The Resistance Fighter: a Short Story

I recently subscribed to Prompts & Happenstance‘s text alerts. It’s a service where they provide you with prompts multiple times a week. I’m hoping this will further encourage my writing habit.

Her saccharine smile was nauseating; something about it was like a toxic vapor releasing unidentifiable, invisible particles, intent on murdering me. I flared my nostrils, huffing. That was when bile hit the back of my throat.

I gagged.

Something about the sweetness in her voice only intensified the putrid odor wafting toward me. “C’mon, Natalie,” she urged, that same sickening smile stretching widely. “It won’t kill you.”

I shook my head vehemently.
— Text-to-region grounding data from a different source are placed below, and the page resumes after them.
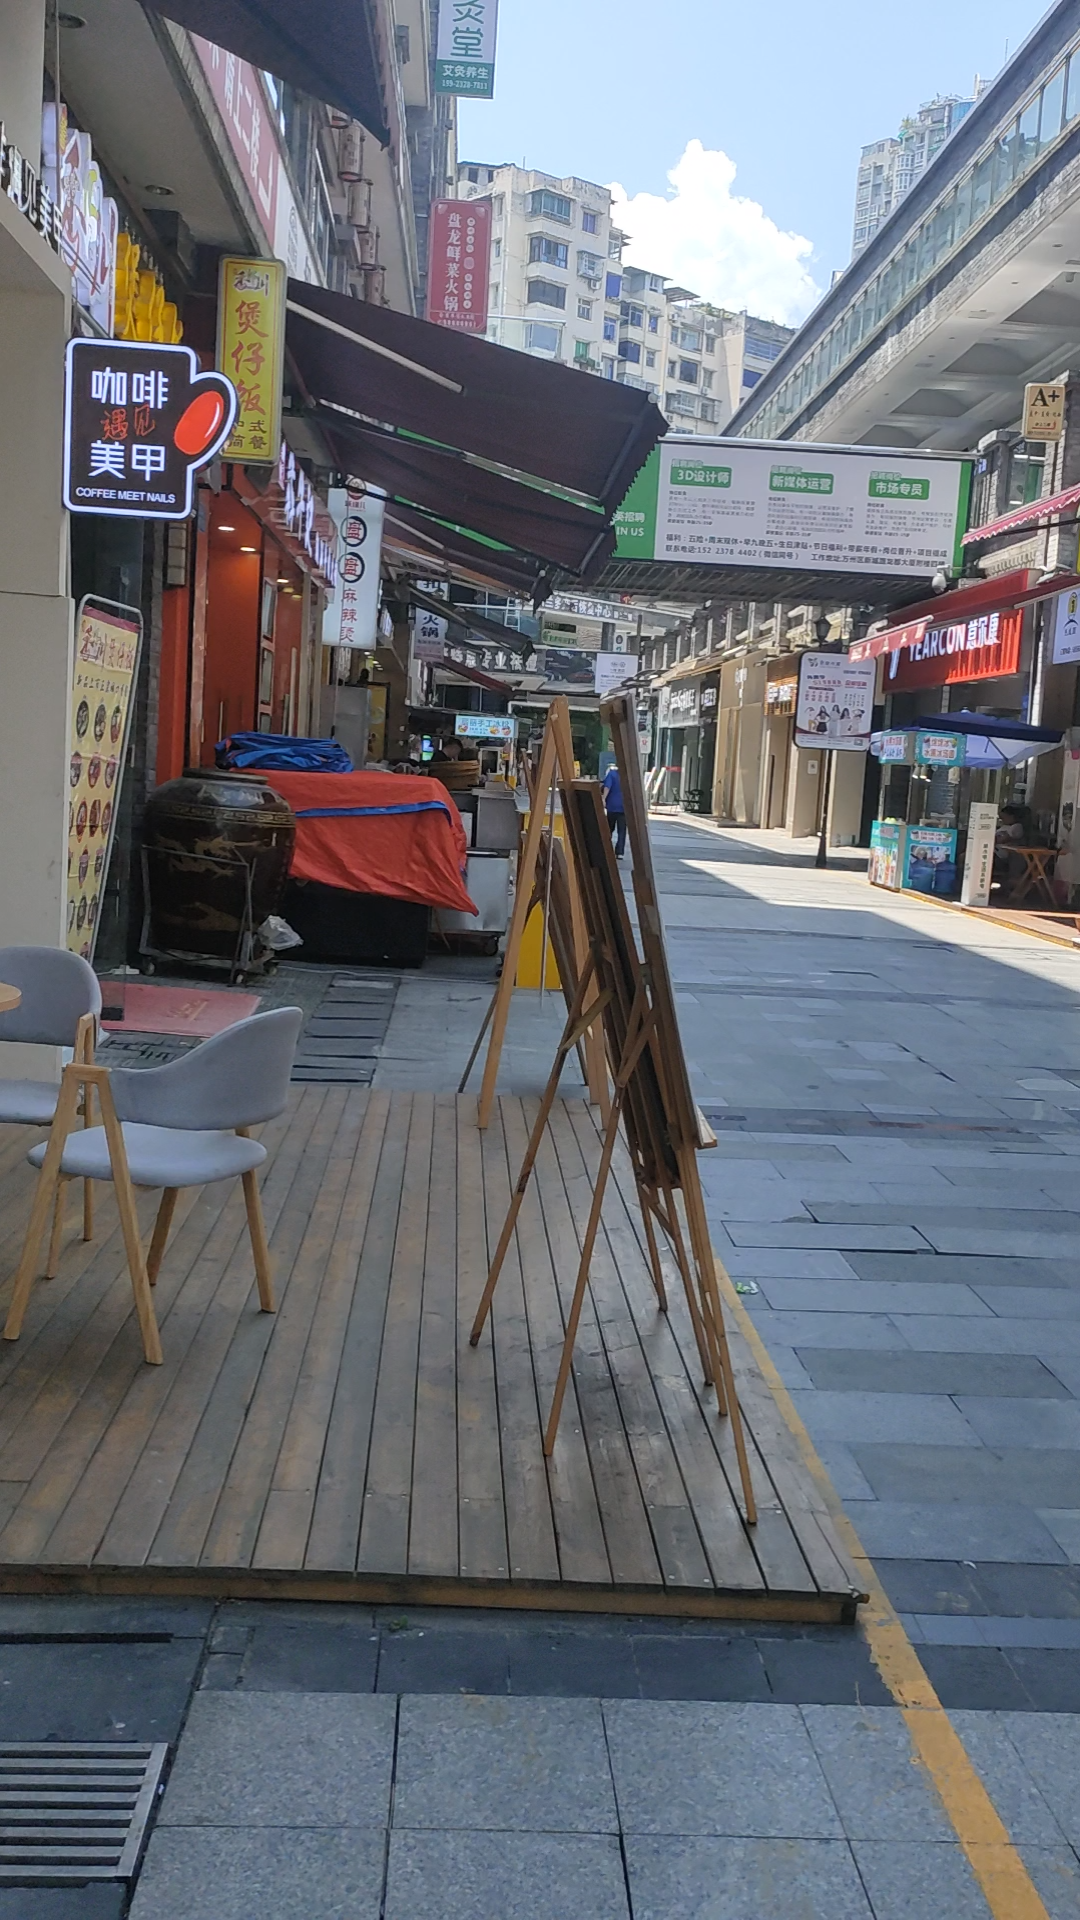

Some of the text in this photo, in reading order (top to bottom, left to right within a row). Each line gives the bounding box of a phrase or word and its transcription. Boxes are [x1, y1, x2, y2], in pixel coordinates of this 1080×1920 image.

[442, 65, 489, 79] 艾灸养生
[444, 212, 462, 312] 盘龙鲜菜火锅
[231, 300, 269, 415] 煲仔饭
[91, 366, 169, 409] 咖啡
[1030, 388, 1061, 407] A+
[100, 403, 156, 441] 遇见
[88, 440, 166, 482] 美甲
[677, 469, 730, 485] 3D设计师
[771, 475, 832, 492] 新媒体运营
[76, 486, 176, 505] COFFEE MEET NAILS
[874, 481, 923, 497] 市场专员
[616, 526, 645, 537] IN US
[420, 614, 440, 639] 火锅
[909, 623, 967, 662] YEARCON
This is how they tested mustard gas, was it not? On human subjects? I would go down fighting. I would be a revolutionary, remembered as the one who refused to surrender to the enemy. My cheeks burned as she slid the sample closer to me. Its smell called to mind its appearance.
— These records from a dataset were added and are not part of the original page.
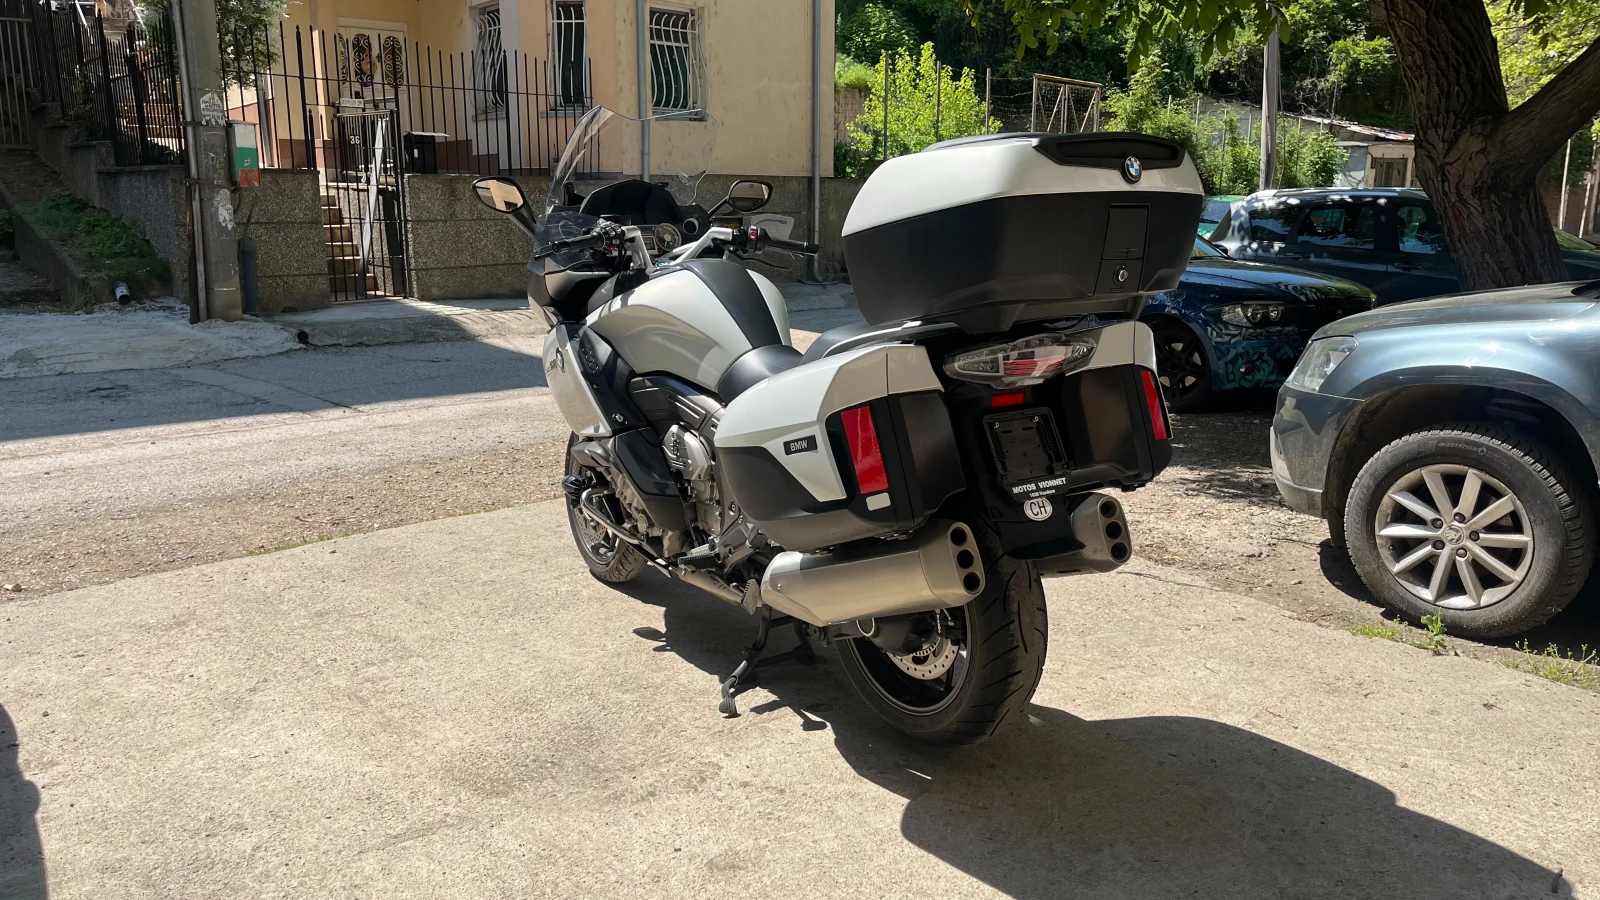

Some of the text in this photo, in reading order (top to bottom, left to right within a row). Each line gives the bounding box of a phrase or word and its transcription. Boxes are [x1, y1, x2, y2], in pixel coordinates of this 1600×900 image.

[350, 135, 360, 144] 36
[790, 439, 807, 451] BMW
[1445, 442, 1478, 452] ROTATION
[1012, 483, 1036, 494] MOTOS
[1038, 477, 1066, 488] VIONNET
[1030, 500, 1047, 516] CH
Whenever folks tell you to stop to smell the roses, it must be meant metaphorically because every bouquet I’ve ever smelled smells the same. This smelled just the same as those flowers we are told to linger near.

Not necessarily an appropriate description, but the smell was verdant. The smell was green – if feeling charitable, one could describe it as natural. Grassy. It was the smell of a summer afternoon and grass clippings.

Truth of the matter was the odor was noxious. Its fumes perhaps deadly. Other allies had succumbed to ingesting this product, yet there was no news of their survival.

Rare intel occasionally described fighters like me going down under duress – screaming, their mouths held open, forced to swallow. Others, less heroic, cried. Tears cascading down their cheeks. Vulnerable in front of the enemy. Some merely shat themselves, creating a diversion.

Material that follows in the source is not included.